Items from a data source
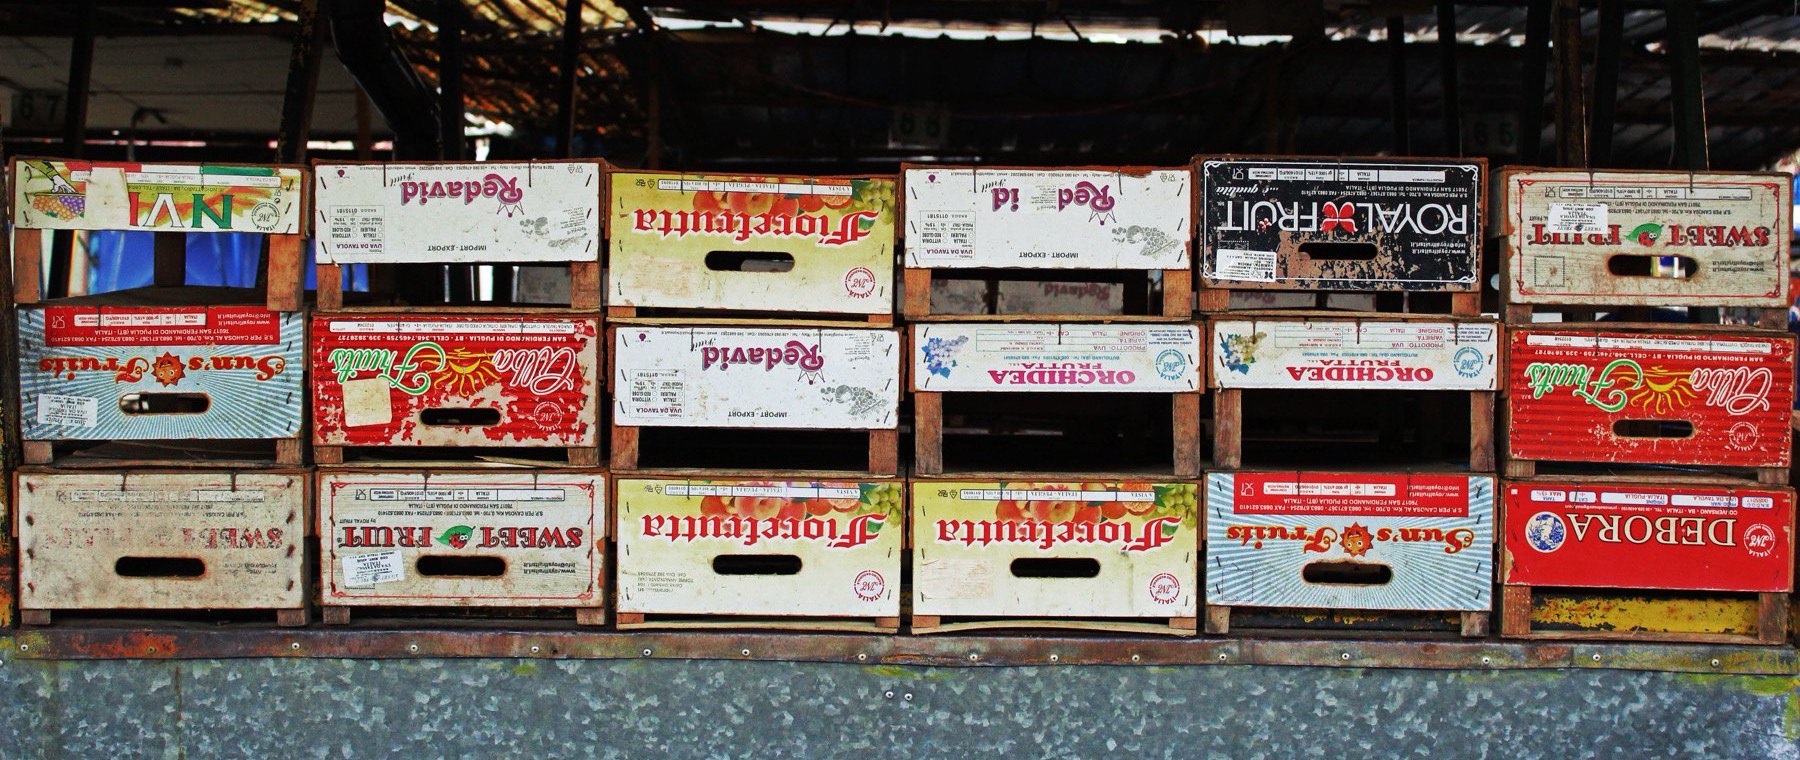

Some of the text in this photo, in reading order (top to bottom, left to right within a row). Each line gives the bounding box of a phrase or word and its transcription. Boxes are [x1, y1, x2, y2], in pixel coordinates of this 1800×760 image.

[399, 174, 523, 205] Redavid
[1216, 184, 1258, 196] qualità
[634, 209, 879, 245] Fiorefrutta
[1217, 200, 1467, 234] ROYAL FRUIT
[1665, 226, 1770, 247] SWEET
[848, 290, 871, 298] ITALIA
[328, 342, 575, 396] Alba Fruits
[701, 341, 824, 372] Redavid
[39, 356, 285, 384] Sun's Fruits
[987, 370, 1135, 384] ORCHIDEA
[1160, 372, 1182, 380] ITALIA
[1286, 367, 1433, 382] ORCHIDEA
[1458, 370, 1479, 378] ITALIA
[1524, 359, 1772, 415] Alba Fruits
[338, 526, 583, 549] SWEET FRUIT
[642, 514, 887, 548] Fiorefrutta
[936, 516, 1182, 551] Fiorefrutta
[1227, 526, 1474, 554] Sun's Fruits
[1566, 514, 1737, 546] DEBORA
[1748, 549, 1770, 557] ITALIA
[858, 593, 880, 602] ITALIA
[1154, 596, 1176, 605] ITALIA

■ **Task to carry out**
Give every entry back unchanged, with no pictures.

■ **Answer for the task**
Some of the text in this photo, in reading order (top to bottom, left to right within a row). Each line gives the bounding box of a phrase or word and its transcription. Boxes are [x1, y1, x2, y2], in pixel coordinates of this 1800×760 image.

[399, 174, 523, 205] Redavid
[1216, 184, 1258, 196] qualità
[634, 209, 879, 245] Fiorefrutta
[1217, 200, 1467, 234] ROYAL FRUIT
[1665, 226, 1770, 247] SWEET
[848, 290, 871, 298] ITALIA
[328, 342, 575, 396] Alba Fruits
[701, 341, 824, 372] Redavid
[39, 356, 285, 384] Sun's Fruits
[987, 370, 1135, 384] ORCHIDEA
[1160, 372, 1182, 380] ITALIA
[1286, 367, 1433, 382] ORCHIDEA
[1458, 370, 1479, 378] ITALIA
[1524, 359, 1772, 415] Alba Fruits
[338, 526, 583, 549] SWEET FRUIT
[642, 514, 887, 548] Fiorefrutta
[936, 516, 1182, 551] Fiorefrutta
[1227, 526, 1474, 554] Sun's Fruits
[1566, 514, 1737, 546] DEBORA
[1748, 549, 1770, 557] ITALIA
[858, 593, 880, 602] ITALIA
[1154, 596, 1176, 605] ITALIA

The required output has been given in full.